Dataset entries
──────

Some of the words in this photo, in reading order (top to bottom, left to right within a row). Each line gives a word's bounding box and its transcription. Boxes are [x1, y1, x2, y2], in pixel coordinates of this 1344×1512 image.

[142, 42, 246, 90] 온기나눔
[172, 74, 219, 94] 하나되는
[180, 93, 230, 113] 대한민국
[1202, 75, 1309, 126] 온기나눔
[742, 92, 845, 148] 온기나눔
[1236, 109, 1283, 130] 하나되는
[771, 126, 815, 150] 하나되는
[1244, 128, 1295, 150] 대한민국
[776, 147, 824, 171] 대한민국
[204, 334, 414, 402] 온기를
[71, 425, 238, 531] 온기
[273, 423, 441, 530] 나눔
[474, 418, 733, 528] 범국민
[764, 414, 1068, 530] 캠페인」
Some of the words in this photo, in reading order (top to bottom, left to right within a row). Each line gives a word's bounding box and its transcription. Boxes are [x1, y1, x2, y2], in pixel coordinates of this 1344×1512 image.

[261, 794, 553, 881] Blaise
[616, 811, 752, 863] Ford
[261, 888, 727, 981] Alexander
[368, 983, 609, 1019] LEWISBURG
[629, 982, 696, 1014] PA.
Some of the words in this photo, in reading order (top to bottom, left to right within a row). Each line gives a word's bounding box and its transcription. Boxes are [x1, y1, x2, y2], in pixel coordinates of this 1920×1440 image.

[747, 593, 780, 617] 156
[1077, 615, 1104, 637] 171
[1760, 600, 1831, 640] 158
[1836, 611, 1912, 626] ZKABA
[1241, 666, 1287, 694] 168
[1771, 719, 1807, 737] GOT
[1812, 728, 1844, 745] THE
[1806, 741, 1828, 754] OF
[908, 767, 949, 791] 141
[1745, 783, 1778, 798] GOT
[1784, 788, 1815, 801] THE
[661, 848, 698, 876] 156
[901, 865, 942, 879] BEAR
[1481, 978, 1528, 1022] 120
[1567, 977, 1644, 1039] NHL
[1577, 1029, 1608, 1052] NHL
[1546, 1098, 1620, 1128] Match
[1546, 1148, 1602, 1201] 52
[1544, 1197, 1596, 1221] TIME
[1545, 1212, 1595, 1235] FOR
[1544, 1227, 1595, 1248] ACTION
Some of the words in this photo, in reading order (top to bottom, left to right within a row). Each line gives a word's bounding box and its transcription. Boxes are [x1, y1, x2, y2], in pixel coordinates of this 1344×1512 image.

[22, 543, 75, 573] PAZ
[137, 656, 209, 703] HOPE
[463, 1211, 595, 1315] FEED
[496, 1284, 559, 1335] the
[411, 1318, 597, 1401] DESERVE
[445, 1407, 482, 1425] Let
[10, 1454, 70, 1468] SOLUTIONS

──────

The records must each be output verbatim, with nothing left out.

■ **SOLUTION TO THE PROBLEM**:
Some of the words in this photo, in reading order (top to bottom, left to right within a row). Each line gives a word's bounding box and its transcription. Boxes are [x1, y1, x2, y2], in pixel coordinates of this 1344×1512 image.

[142, 42, 246, 90] 온기나눔
[172, 74, 219, 94] 하나되는
[180, 93, 230, 113] 대한민국
[1202, 75, 1309, 126] 온기나눔
[742, 92, 845, 148] 온기나눔
[1236, 109, 1283, 130] 하나되는
[771, 126, 815, 150] 하나되는
[1244, 128, 1295, 150] 대한민국
[776, 147, 824, 171] 대한민국
[204, 334, 414, 402] 온기를
[71, 425, 238, 531] 온기
[273, 423, 441, 530] 나눔
[474, 418, 733, 528] 범국민
[764, 414, 1068, 530] 캠페인」
Some of the words in this photo, in reading order (top to bottom, left to right within a row). Each line gives a word's bounding box and its transcription. Boxes are [x1, y1, x2, y2], in pixel coordinates of this 1344×1512 image.

[261, 794, 553, 881] Blaise
[616, 811, 752, 863] Ford
[261, 888, 727, 981] Alexander
[368, 983, 609, 1019] LEWISBURG
[629, 982, 696, 1014] PA.
Some of the words in this photo, in reading order (top to bottom, left to right within a row). Each line gives a word's bounding box and its transcription. Boxes are [x1, y1, x2, y2], in pixel coordinates of this 1920×1440 image.

[747, 593, 780, 617] 156
[1077, 615, 1104, 637] 171
[1760, 600, 1831, 640] 158
[1836, 611, 1912, 626] ZKABA
[1241, 666, 1287, 694] 168
[1771, 719, 1807, 737] GOT
[1812, 728, 1844, 745] THE
[1806, 741, 1828, 754] OF
[908, 767, 949, 791] 141
[1745, 783, 1778, 798] GOT
[1784, 788, 1815, 801] THE
[661, 848, 698, 876] 156
[901, 865, 942, 879] BEAR
[1481, 978, 1528, 1022] 120
[1567, 977, 1644, 1039] NHL
[1577, 1029, 1608, 1052] NHL
[1546, 1098, 1620, 1128] Match
[1546, 1148, 1602, 1201] 52
[1544, 1197, 1596, 1221] TIME
[1545, 1212, 1595, 1235] FOR
[1544, 1227, 1595, 1248] ACTION
Some of the words in this photo, in reading order (top to bottom, left to right within a row). Each line gives a word's bounding box and its transcription. Boxes are [x1, y1, x2, y2], in pixel coordinates of this 1344×1512 image.

[22, 543, 75, 573] PAZ
[137, 656, 209, 703] HOPE
[463, 1211, 595, 1315] FEED
[496, 1284, 559, 1335] the
[411, 1318, 597, 1401] DESERVE
[445, 1407, 482, 1425] Let
[10, 1454, 70, 1468] SOLUTIONS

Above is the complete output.